While I recognize that finances are important, I place a higher value on my happiness. And the best way to effectively leverage that happiness is to live life fully immersed in the present.
What does that have to do with my choosing scenario No. 2?
I have found that when we engage in a temporary or transitory activity, the mindset is different than when we are settled into a seemingly more permanent option. Temporary situations can create a “holding pattern” where we wait for a “better” option down the road. Temporary employment is not your real job. Temporary housing is not your real home. These give the illusion of “here today, gone tomorrow.” Why take it seriously? Why invest your heart and soul into activities when you will eventually be leaving. Living in the moment can be difficult when you are waiting for your “real” life to begin.
Although from a financial perspective, the permanent option may not have been a great decision, it was the right one for me. I had the most spectacular three years of my life. London felt like my home. I lived there like a native. I acted as though there was no return to the U.S. This forced me to be present to what I was doing and to take full advantage of England.

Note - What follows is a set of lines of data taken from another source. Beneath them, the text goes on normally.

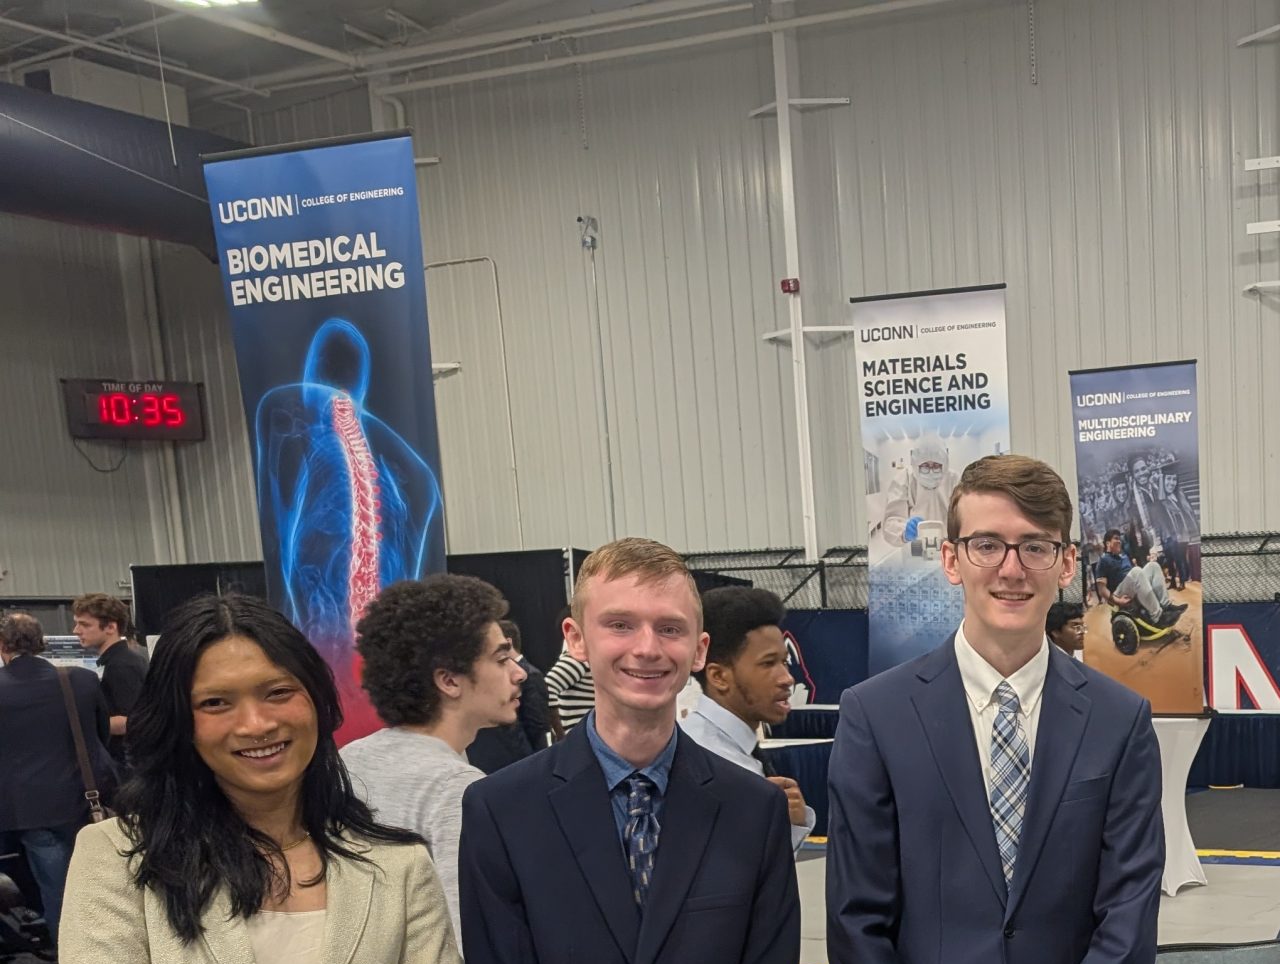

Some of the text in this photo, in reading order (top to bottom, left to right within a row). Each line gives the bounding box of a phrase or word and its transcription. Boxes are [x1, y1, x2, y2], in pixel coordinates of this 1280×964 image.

[219, 187, 404, 224] UCONN COLLEGE OF ENGINEERING
[227, 232, 386, 275] BIOMEDICAL
[231, 262, 405, 306] ENGINEERING
[861, 325, 914, 342] UCONN
[920, 326, 946, 334] COLLEGE
[957, 322, 996, 330] ENGINEERING
[863, 353, 967, 376] MATERIALS
[102, 383, 163, 392] TIME OF DAY
[864, 372, 988, 397] SCIENCE AND
[99, 393, 184, 426] 10:35
[866, 393, 991, 417] ENGINEERING
[1077, 392, 1122, 407] UCONN
[1126, 392, 1147, 400] COLLEGE
[1078, 412, 1192, 430] MULTIDISCIPLINARY
[1079, 427, 1156, 442] ENGINEERING
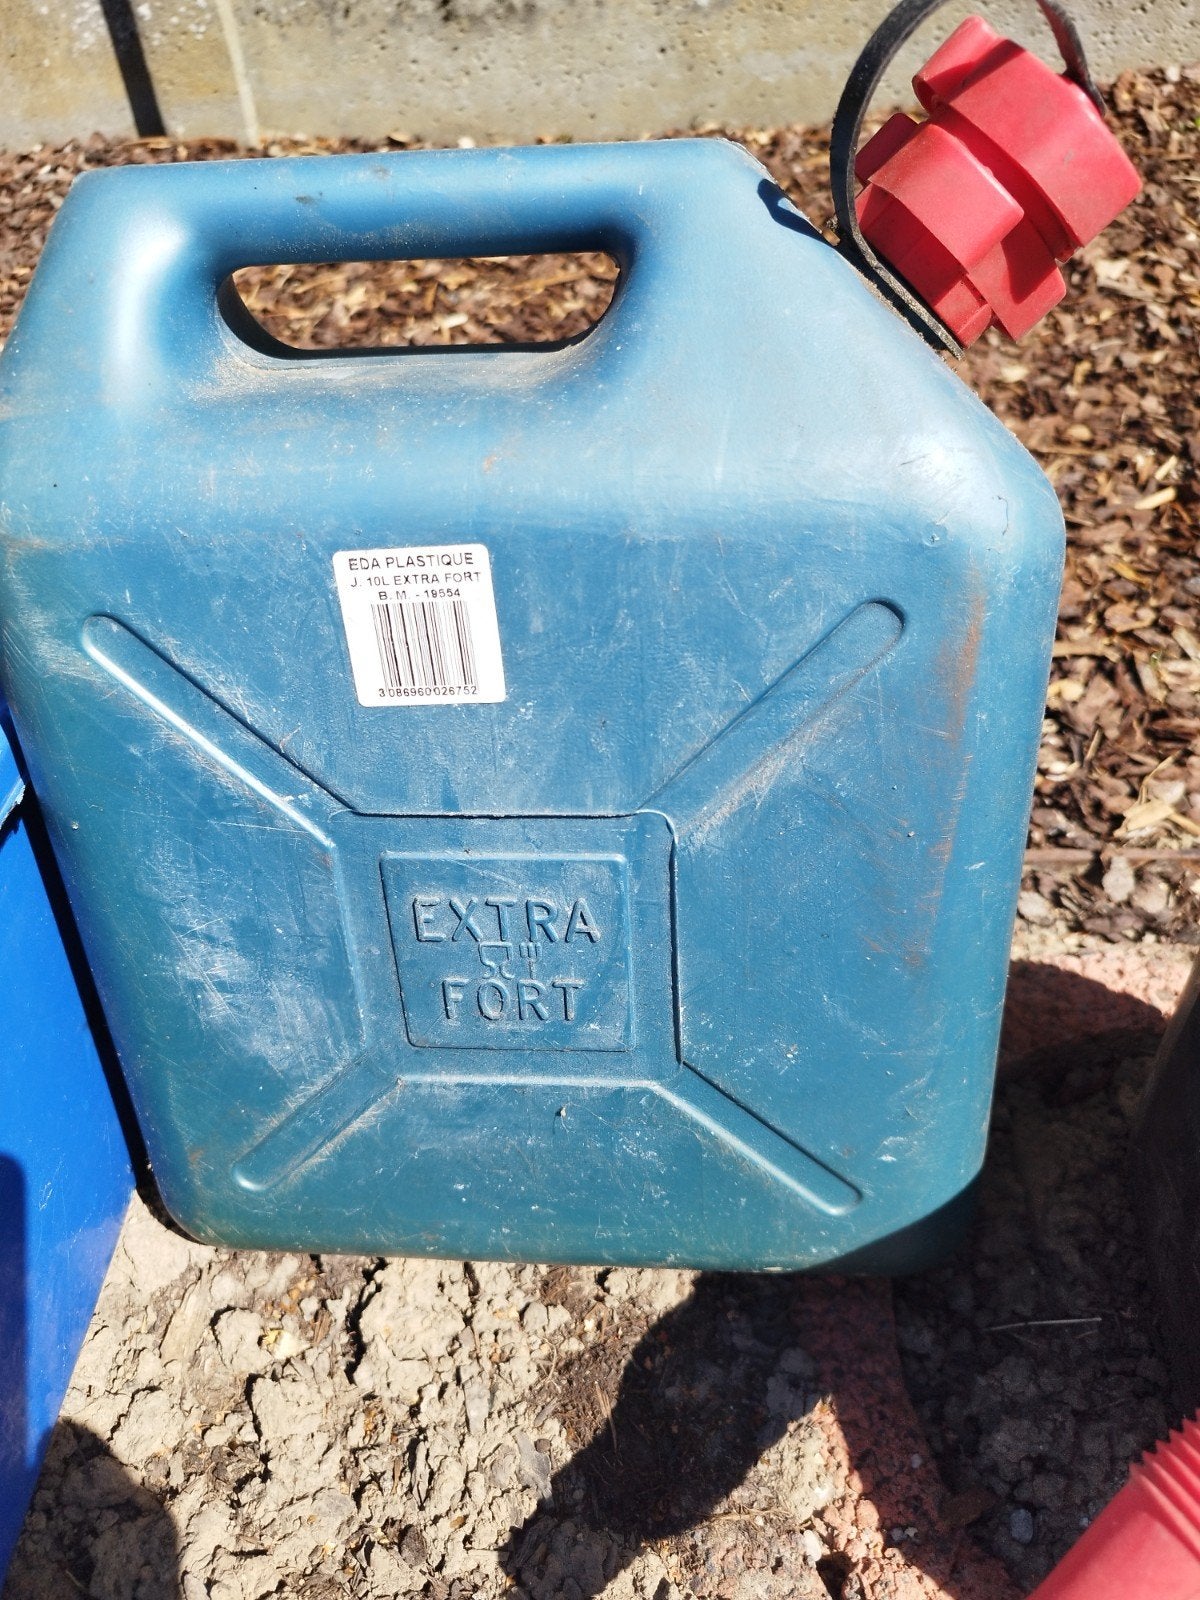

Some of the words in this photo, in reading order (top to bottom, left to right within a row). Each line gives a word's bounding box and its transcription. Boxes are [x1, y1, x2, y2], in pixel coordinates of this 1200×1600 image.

[348, 557, 381, 571] EDA
[386, 552, 475, 569] PLASTIQUE
[350, 578, 362, 588] J.
[367, 576, 390, 587] 10L
[393, 574, 440, 586] EXTRA
[445, 571, 482, 583] FORT
[411, 896, 601, 943] EXTRA
[441, 977, 586, 1021] FORT

I am not sure that I would have had the mental conviction to live in that same manner had I chosen the temporary solution. I may never have felt settled. The thought of leaving might have lingered in the back of my mind, negatively impacting my experience.
Instead, I formed new social circles. I dated. I lived as though I would be there forever. London became my home. A little more than three years later, I was back in the U.S., without a traditional job and salary (this is when I launched my own business).
“Permanent” situations tend to give the illusion of future stability, even though that is an illusion.
Where are you living like you are in a temporary situation?
Have you ever been in a job that you didn’t like? Did you daydream continuously about leaving, yet three years later you are still in the same job? How might your perspective change if you thought this were a permanent option? Perhaps instead of dreaming about the future, you would be present to what you can do today in your job. Look for new opportunities internally. Do the best job you can. Find ways of adding more value. If you are focused on leaving, seeing this job as a temporary option, you will be miserable. And the odds are, you will lose your job because of poor performance. That’s when you will begin to daydream about how great your job used to be.
We see this phenomenon in relationships as well. While there are many reasons why people marry, there is a psychological shift that many undergo upon saying those two little words: “I do.” It creates a more predictable and stable life with a clearly defined future. And many marry for that reason—for the perceived stability they gain. To love, honor and cherish till death do us part. It gives us the appearance of certainty. But of course, that too is an illusion.
How often do you live with uncertainty? How much of that uncertainty is created by you in your mind? How much does this uncertainty ruin your present moment experiences?
Being present, without worrying about the future, is not easy. Could I have chosen option No. 1 and treated London like my home? Quite possibly. If I knew I was leaving, I might have been hungrier to experience everything England had to offer in the brief time I knew I would be there. However, to get me settled into the proper mindset, it was better for me to take what seemed like a permanent option, even though it was just as temporary.
To be clear, the temporary option is not necessarily a bad one. In actuality, I prefer to rent knowing that I can move more easily. I value flexibility over stability in that situation. And for some, entering into marriage can lead to complacency and the eventual demise of the relationship. But marriage does not need to be the beginning of the end. If you truly operate from the perspective that “this is it” and you want to make the most of your life and marriage, the (seemingly) permanent option can be wonderful.
It’s all in the mindset.
The reality is, everything is temporary. But what if living with this transient mentality diminishes your happiness now? Where in life are you living the “temporary option?” Where are you waiting for a better option to come along? Where is this not serving you well? Maybe it is time to choose the “permanent option” so that you are living fully in each moment.
Maybe this is the key to immediate happiness.